Our company’s quality policy is to manufacture and produce medicines which have effective results and, high and assured quality, to meet the needs of customers through using advanced technology based on drug researches and market study of the drug industry. Under this policy and to see effective results, we aim to implment innovative and efficient management to reach sustainable improvements and developments in compliance with relevant regulatory policies and procedures and the GMP standards.

  • To respect needs of customers and produce medicines based on scientific researches and approaches in compliance with relevant laws, regulations and standards on pharmaceutical manufacturing operation.
  • To implement quality control system effectively and conduct monitoring based on conformity and relevant data.
  • To conduct surveys and researches on customer satisfaction and quality of medicine and to perform required monitoring.
  • To analyse issues highlighted by external and internal audits to assess quality objectives prior to develop plans.
  • To execute regular training to improve leadership in work place and to give opportunities to employees to gain more professional knowledge.
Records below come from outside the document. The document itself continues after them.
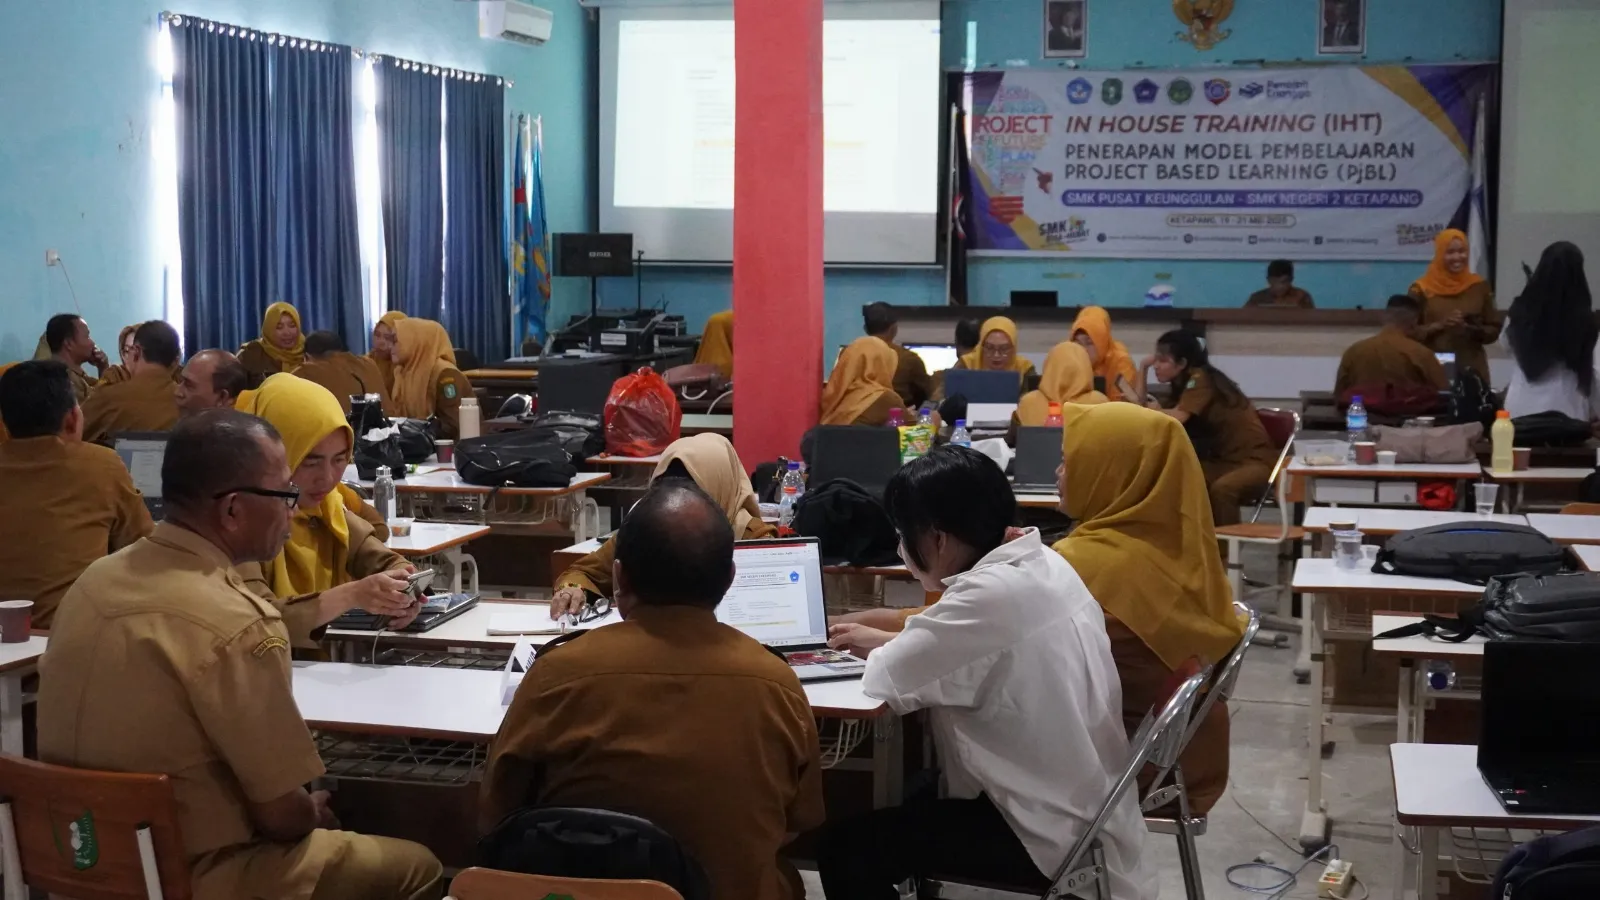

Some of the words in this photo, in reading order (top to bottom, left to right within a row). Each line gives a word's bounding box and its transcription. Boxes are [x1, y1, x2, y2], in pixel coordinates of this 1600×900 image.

[1066, 115, 1092, 133] IN
[1101, 115, 1185, 133] HOUSE
[1193, 114, 1316, 133] TRAINING
[1324, 113, 1382, 135] (IHT)
[1066, 144, 1175, 159] PENERAPAN
[1185, 144, 1253, 159] MODEL
[1262, 142, 1415, 159] PEMBELAJARAN
[1065, 164, 1148, 180] PROJECT
[1156, 164, 1220, 180] BASED
[1229, 164, 1329, 180] LEARNING
[1337, 163, 1397, 184] (PjBL)
[1066, 193, 1095, 205] SMK
[1098, 193, 1141, 205] PUSAT
[1145, 193, 1235, 205] KEUNGGULAN
[1248, 193, 1279, 205] SMK
[1280, 193, 1330, 205] NEGERI
[1332, 193, 1342, 205] 2
[1344, 193, 1420, 206] KETAPANG
[1039, 219, 1067, 236] SMK
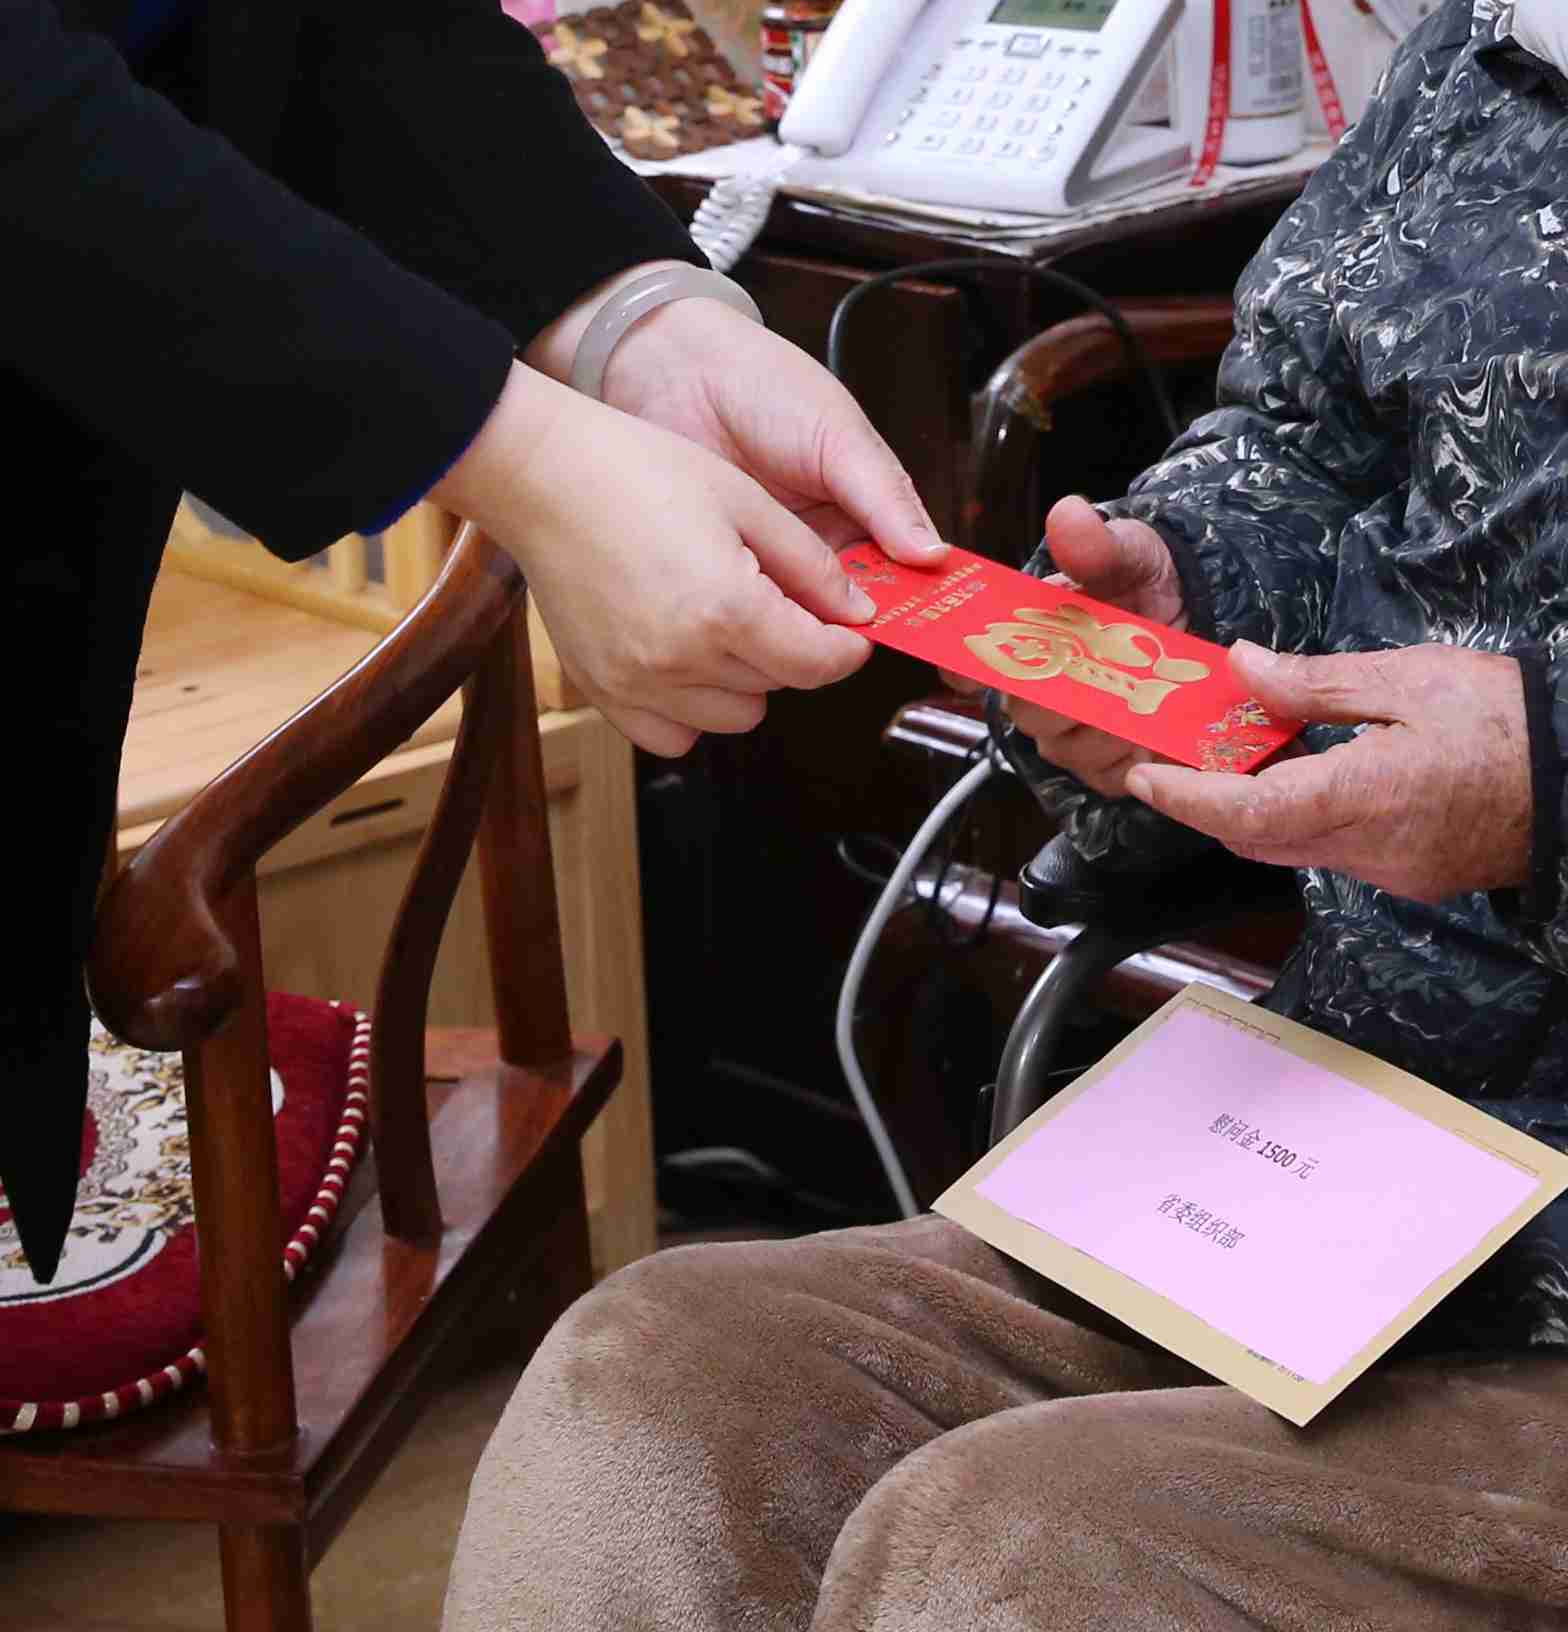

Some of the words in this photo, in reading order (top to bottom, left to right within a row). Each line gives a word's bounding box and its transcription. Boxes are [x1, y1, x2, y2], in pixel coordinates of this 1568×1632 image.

[1208, 1113, 1261, 1150] 慰问金
[1256, 1141, 1298, 1168] 1500
[1290, 1157, 1320, 1180] 元
[1158, 1193, 1246, 1248] 省委组织部
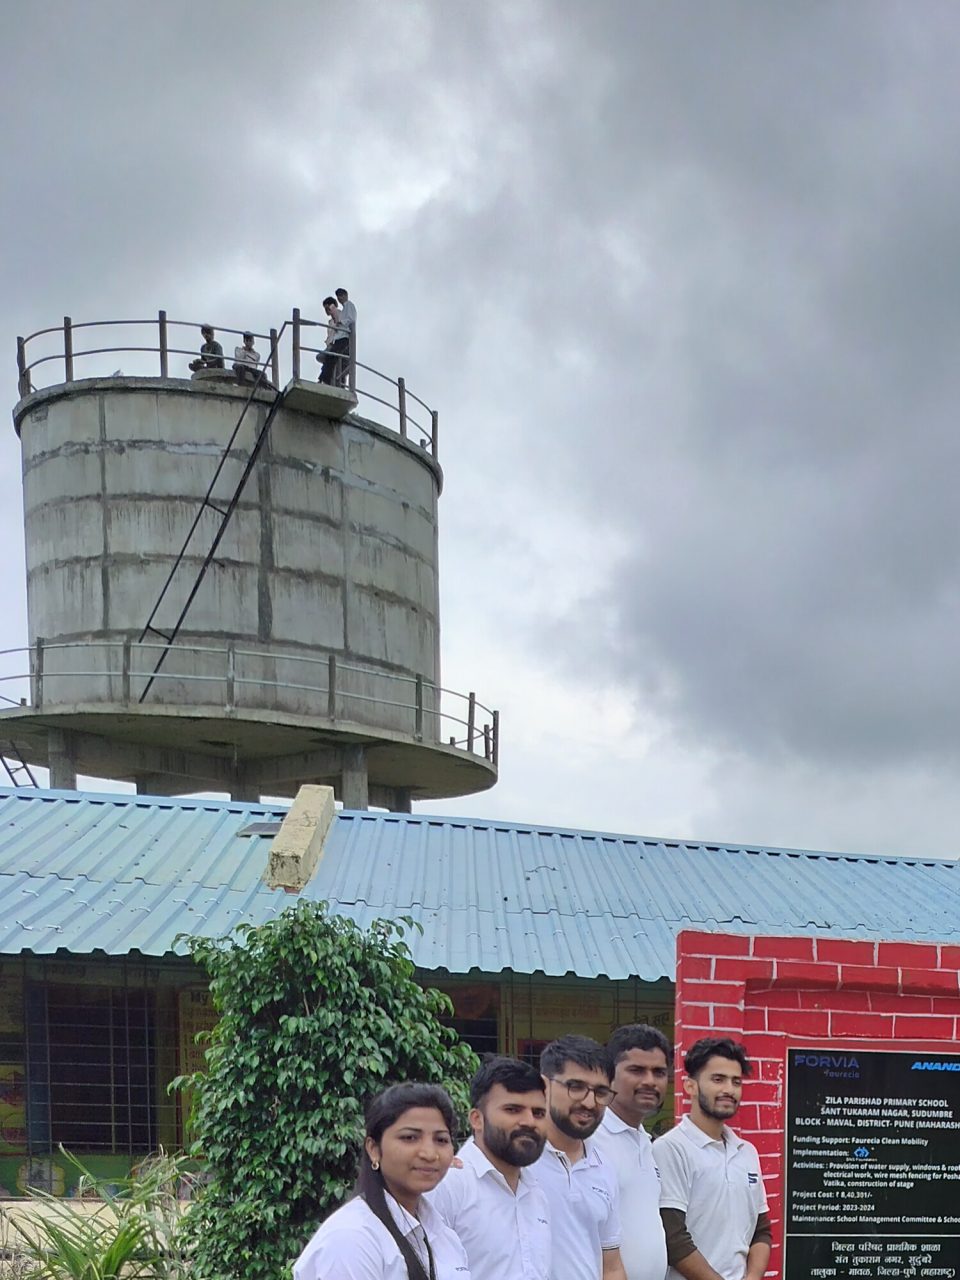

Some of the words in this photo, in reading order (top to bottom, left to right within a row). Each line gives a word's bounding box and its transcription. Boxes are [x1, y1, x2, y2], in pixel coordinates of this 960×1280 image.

[794, 1054, 859, 1069] FORVIA
[825, 1097, 842, 1105] ZILA
[844, 1097, 881, 1106] PARISHAD
[883, 1098, 917, 1107] PRIMARY
[919, 1099, 948, 1108] SCHOOL
[821, 1107, 841, 1116] SANT
[842, 1108, 880, 1117] TUKARAM
[881, 1109, 910, 1118] NAGAR,
[912, 1110, 953, 1119] SUDUMBRE
[795, 1118, 821, 1126] BLOCK
[827, 1119, 855, 1128] MAVAL,
[857, 1119, 893, 1128] DISTRICT-
[894, 1120, 914, 1129] PUNE
[793, 1136, 820, 1145] Funding
[821, 1136, 851, 1145] Support:
[852, 1137, 880, 1145] Faurecia
[881, 1137, 900, 1145] Clean
[901, 1138, 929, 1147] Mobility
[793, 1149, 849, 1157] Implementation:
[793, 1162, 825, 1170] Activities:
[829, 1162, 859, 1170] Provision
[888, 1164, 911, 1173] supply,
[912, 1164, 940, 1172] windows
[941, 1164, 947, 1172] &
[948, 1164, 960, 1172] roof
[855, 1172, 872, 1180] work,
[889, 1171, 907, 1179] mesh
[908, 1172, 931, 1181] fencing
[823, 1180, 846, 1188] Vatika,
[847, 1180, 888, 1188] construction
[889, 1180, 896, 1188] of
[897, 1181, 914, 1190] stage
[793, 1191, 816, 1200] Project
[818, 1191, 834, 1199] Cost:
[793, 1204, 816, 1213] Project
[818, 1204, 841, 1212] Period:
[842, 1204, 875, 1212] 2023-2024
[792, 1215, 836, 1223] Maintenance:
[837, 1215, 858, 1223] School
[859, 1216, 900, 1225] Management
[832, 1241, 855, 1252] जिल्हा
[858, 1242, 883, 1252] परिषद
[886, 1241, 917, 1252] प्राथमिक
[920, 1243, 941, 1252] शाळा
[835, 1255, 848, 1264] संत
[852, 1256, 881, 1267] तुकाराम
[884, 1256, 904, 1265] नगर,
[811, 1268, 837, 1279] तालुका
[848, 1268, 873, 1277] मावळ,
The division is responsible for quality validation based on quality verification processes, from raw materials to final products, on quality of raw materials, manufacturing conditions, manufacturing process levels, health and safety of employees, and production equipments in accordance with national and international pharmacopeia, norms and technical requirements.

  • Control on raw materials

    Active pharmaceutical ingredients/raw materials (API) /Photo of packaged raw materials and GMP certificate/ Raw materials are supplied from manufacturers complied with GMP requirements domiciled in China and South Korea. In accordance with registration and recording procedure, raw materials listed and registered at the state registration are used for manufacturing. Regular auditing and assessments are conducted to manufactures of suppliers.

  • Control on packaging

    Packaging of raw materials are thoroughly inspected in accordance with MNS 5524-2014 standards for goods manufacturing practices for pharmaceutical products prior to order and accept ordered products locally or abroad.

  • Control on manufacturing process
    • Production process control

      Pharmaceutical professionals conduct control on production process starting from raw materials to final products in line with MNS 5524-2014 standards for goods manufacturing practices for pharmaceutical products for verification.

    • Drug examination

      Drug examination is took place in an accredited laboratory which opened in 2005 in compliance with ISO 17025 standards. The laboratory has accredited by the Mongolian Agency for Standardization and Metrology four times since the implementation of the ISO standards. Also, the laboratory operates in line with MNS ISO17025-2007 standards for examinations and quality controls on raw materials and packaging through its professional personnel and advanced technologies.

    • Health and safety assessments

      Under the health and safety assessments, regular control is taken to ensure environment where production took place and employees work is safe and secure based on advanced and microbiological traditional approaches. Also, regular control is taken place to make sure employees meet the requirements and given standards.

  • Sustainable quality researches, expiry date and transportation
  • Drug safety and market researches

Quality verification process takes place after control on manufacturing and documentations prior to quality verification manager authorizes the products to be introduced to market.

Control on stability of active ingredients of finished pharmaceutical products within expiry date is taken place in accordance with MNS 6439-2014 standards for general requirements for stability testing of active pharmaceutical ingredients and finished pharmaceutical products. Expiry date control is conducted monthly basis through using ERP program when storage and transportation are managed by FIFO systems.

Quality, safety, monitoring and market research are conducted regularly in accordance with the plan for assessment.